DATA SUPPLIED:
++++++++++++++++++++

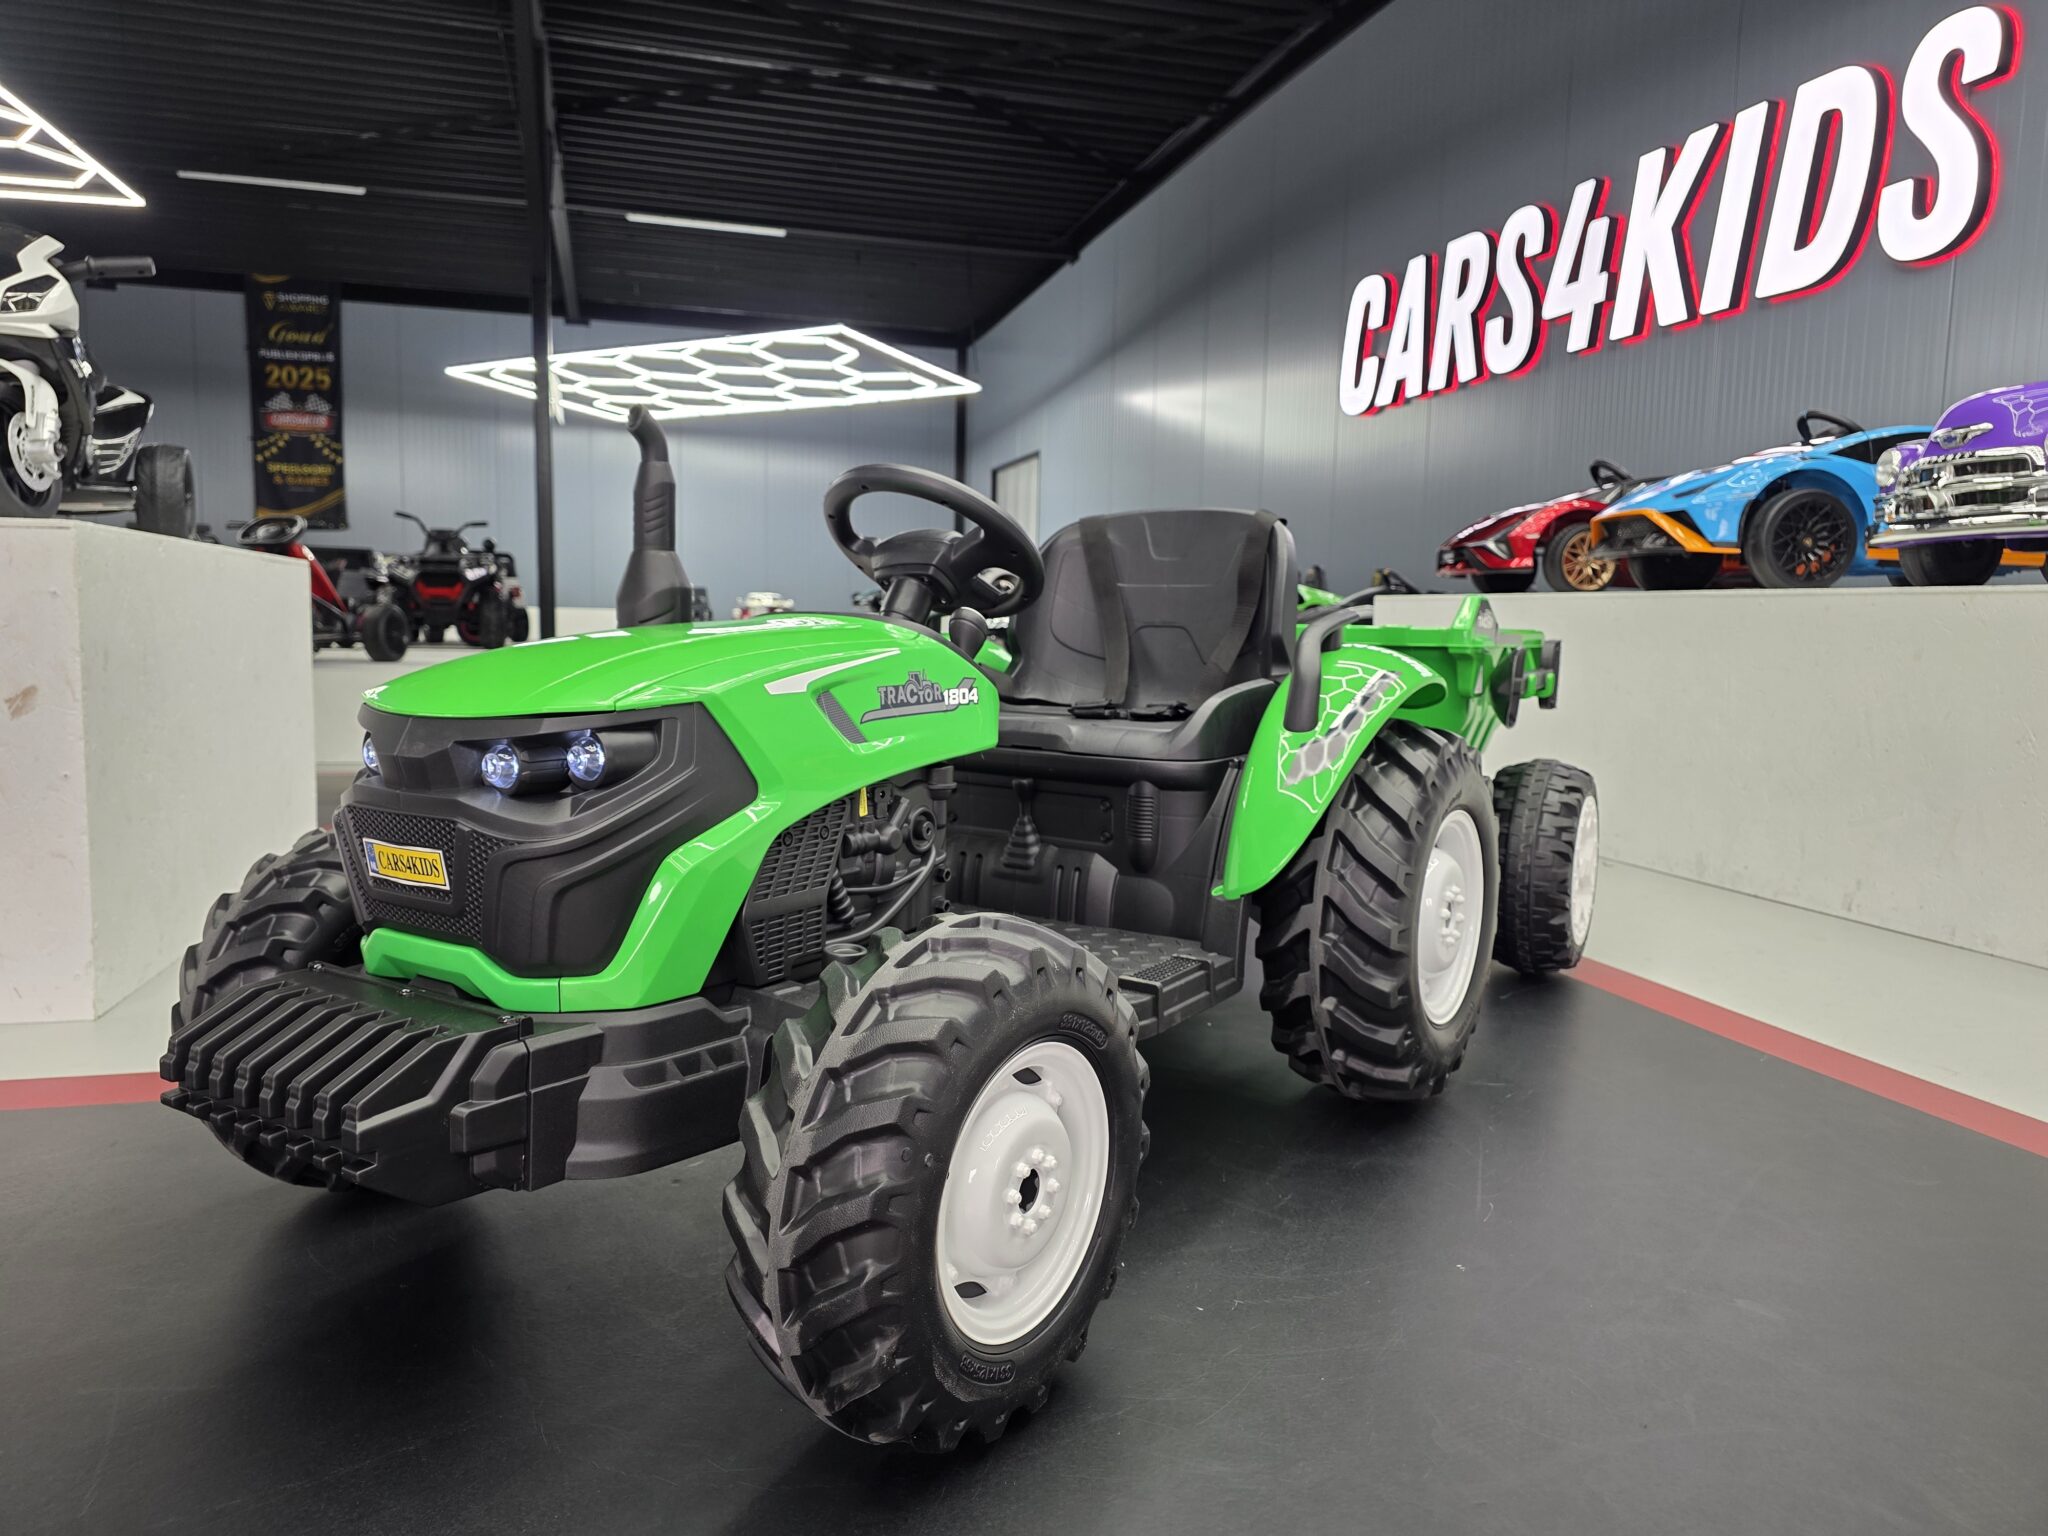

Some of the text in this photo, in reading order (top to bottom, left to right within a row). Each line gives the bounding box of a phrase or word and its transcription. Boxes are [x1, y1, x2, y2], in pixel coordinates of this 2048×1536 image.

[1339, 4, 2005, 416] CARS4KIDS
[264, 363, 332, 391] 2025
[878, 682, 979, 706] TRACTOR 1804
[377, 850, 441, 878] CARS4KIDS
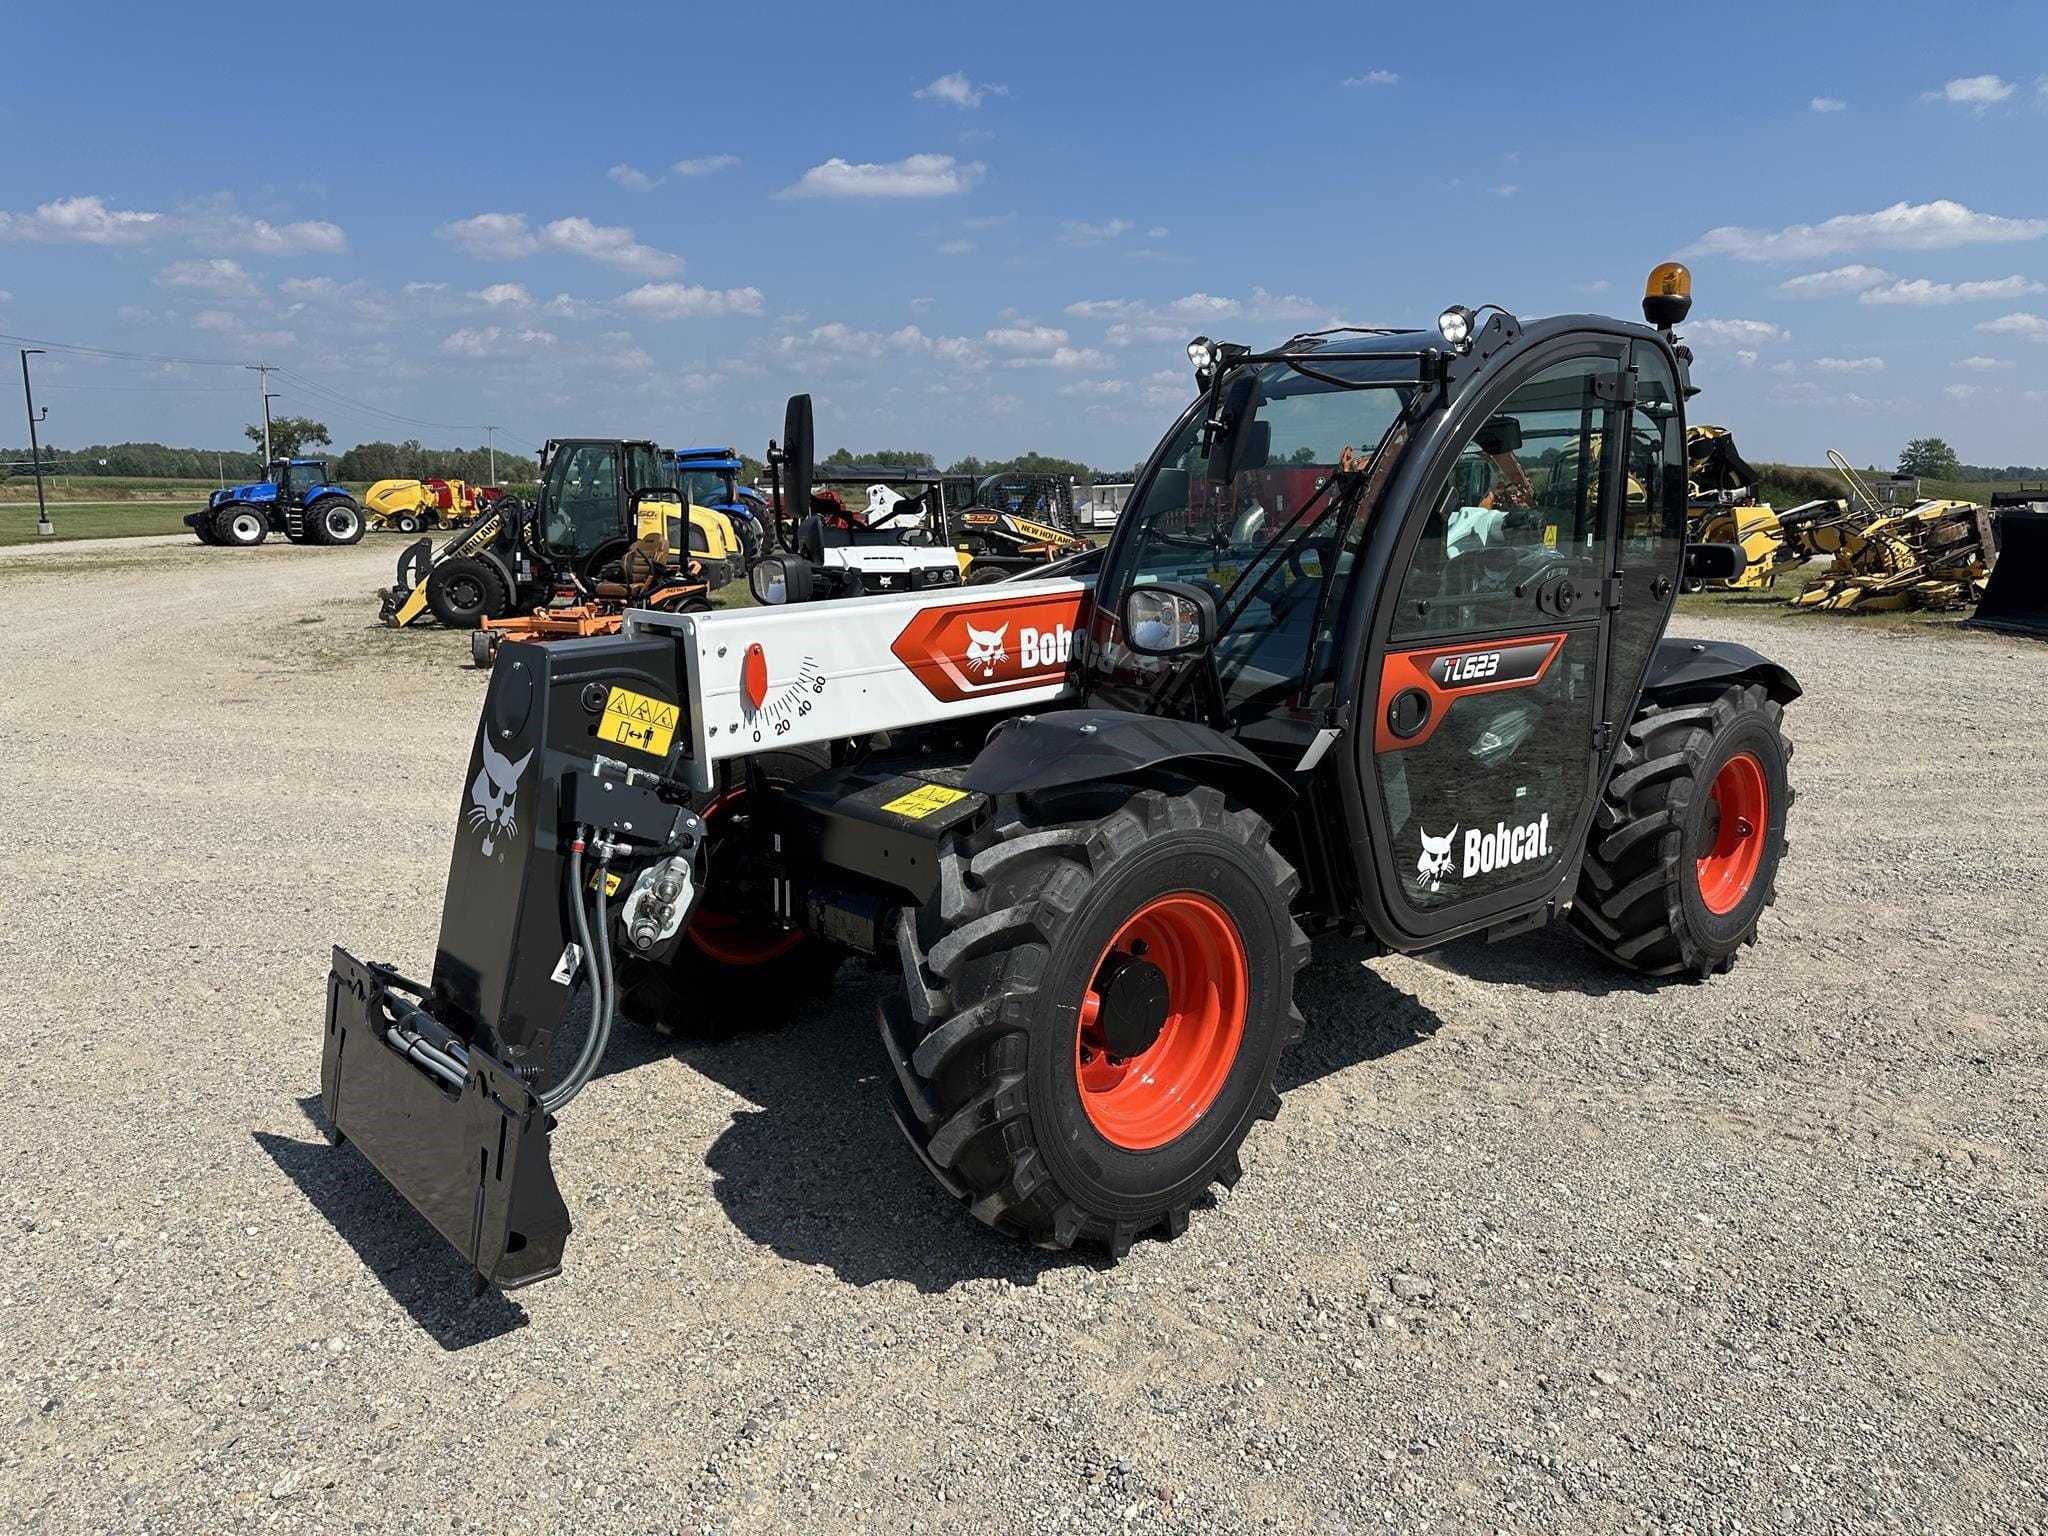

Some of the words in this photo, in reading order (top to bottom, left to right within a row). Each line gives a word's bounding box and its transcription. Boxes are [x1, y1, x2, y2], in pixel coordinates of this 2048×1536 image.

[1021, 524, 1040, 536] NEW
[1040, 530, 1073, 544] HOLLAND
[1444, 653, 1500, 682] TL623
[812, 676, 826, 694] 60
[798, 700, 812, 717] 40
[753, 730, 761, 743] 0
[775, 719, 791, 736] 20
[1463, 812, 1549, 879] Bobcat

++++++++++++++++++++

ABOUT THIS EXERCISE: It would help to have the listing above repeated exactly, with all images removed.

ANSWER FOR THIS EXERCISE:
Some of the text in this photo, in reading order (top to bottom, left to right within a row). Each line gives the bounding box of a phrase or word and its transcription. Boxes are [x1, y1, x2, y2], in pixel coordinates of this 2048×1536 image.

[1339, 4, 2005, 416] CARS4KIDS
[264, 363, 332, 391] 2025
[878, 682, 979, 706] TRACTOR 1804
[377, 850, 441, 878] CARS4KIDS

Some of the words in this photo, in reading order (top to bottom, left to right within a row). Each line gives a word's bounding box and its transcription. Boxes are [x1, y1, x2, y2], in pixel coordinates of this 2048×1536 image.

[1021, 524, 1040, 536] NEW
[1040, 530, 1073, 544] HOLLAND
[1444, 653, 1500, 682] TL623
[812, 676, 826, 694] 60
[798, 700, 812, 717] 40
[753, 730, 761, 743] 0
[775, 719, 791, 736] 20
[1463, 812, 1549, 879] Bobcat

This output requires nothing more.